## Work required
The entries that follow must be written out exactly, without any of the pictures they contain.

## Provided entries
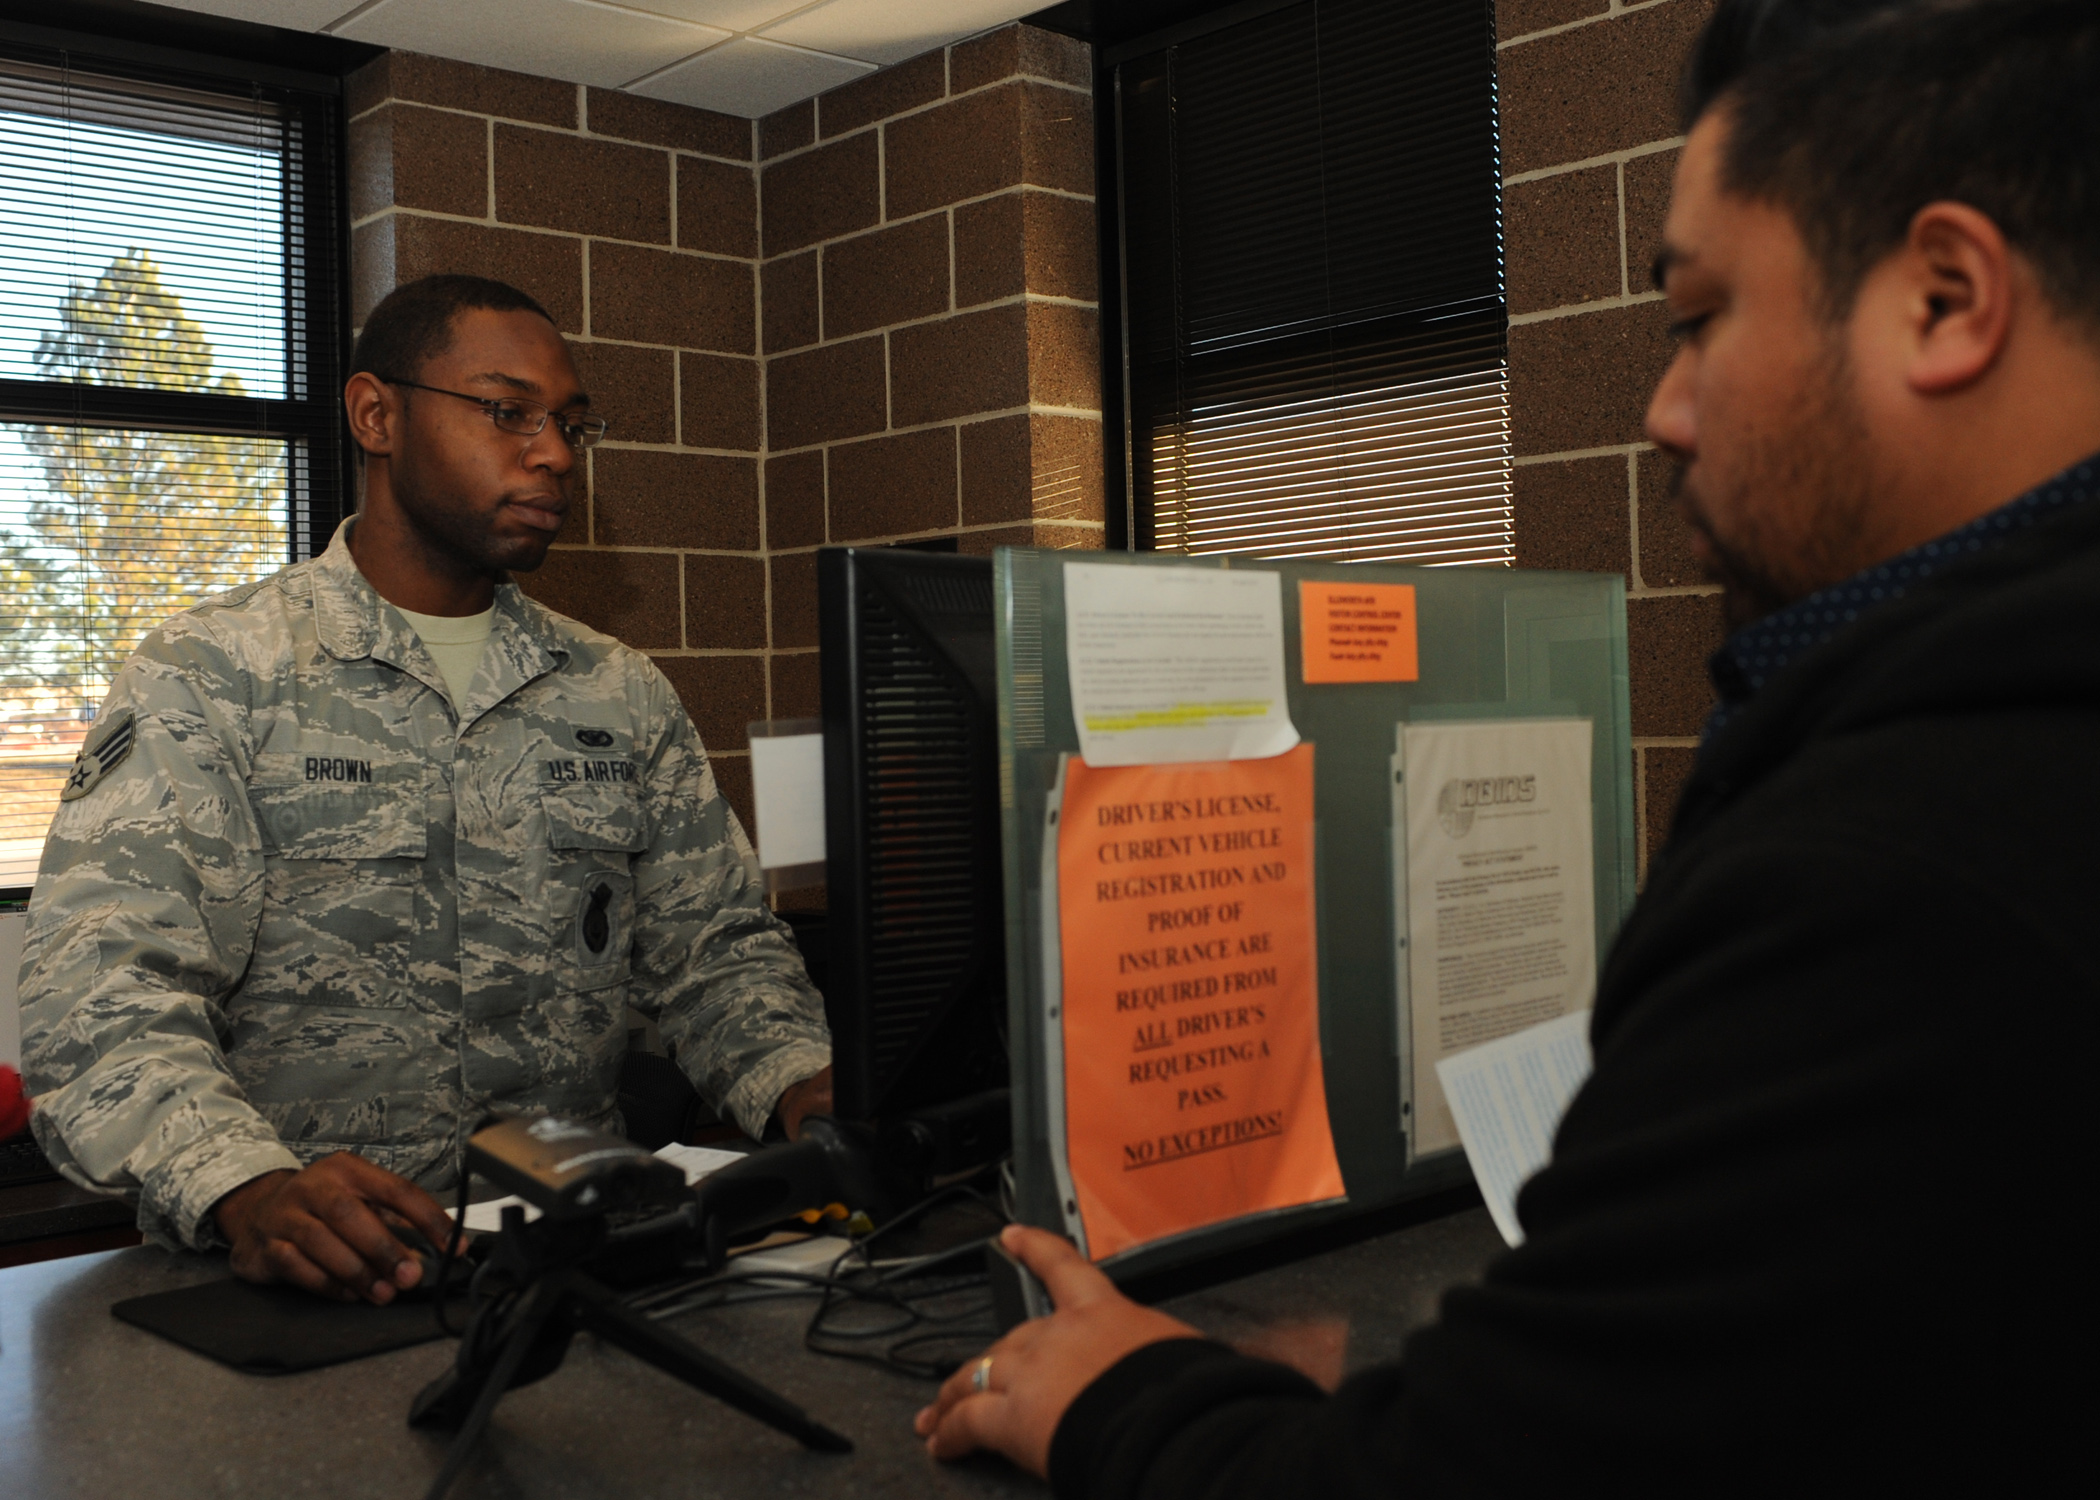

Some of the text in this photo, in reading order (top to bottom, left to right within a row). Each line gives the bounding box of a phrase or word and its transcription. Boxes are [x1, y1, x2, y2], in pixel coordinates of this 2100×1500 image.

[305, 757, 372, 783] BROWN
[549, 760, 581, 781] U.S.
[584, 760, 610, 781] AIR
[1098, 800, 1192, 827] DRIVER'S
[1098, 827, 1282, 865] CURRENT VEHICLE
[1096, 861, 1286, 903] REGISTRATION AND
[1147, 901, 1246, 933] PROOF OF
[1118, 932, 1273, 975] INSURANCE ARE
[1116, 967, 1278, 1013] REQUIRED FROM
[1133, 1004, 1267, 1051] ALL DRIVER'S
[1129, 1039, 1271, 1085] REQUESTING A
[1123, 1141, 1154, 1167] NO

## Exercise response
Some of the text in this photo, in reading order (top to bottom, left to right within a row). Each line gives the bounding box of a phrase or word and its transcription. Boxes are [x1, y1, x2, y2], in pixel coordinates of this 2100×1500 image.

[305, 757, 372, 783] BROWN
[549, 760, 581, 781] U.S.
[584, 760, 610, 781] AIR
[1098, 800, 1192, 827] DRIVER'S
[1098, 827, 1282, 865] CURRENT VEHICLE
[1096, 861, 1286, 903] REGISTRATION AND
[1147, 901, 1246, 933] PROOF OF
[1118, 932, 1273, 975] INSURANCE ARE
[1116, 967, 1278, 1013] REQUIRED FROM
[1133, 1004, 1267, 1051] ALL DRIVER'S
[1129, 1039, 1271, 1085] REQUESTING A
[1123, 1141, 1154, 1167] NO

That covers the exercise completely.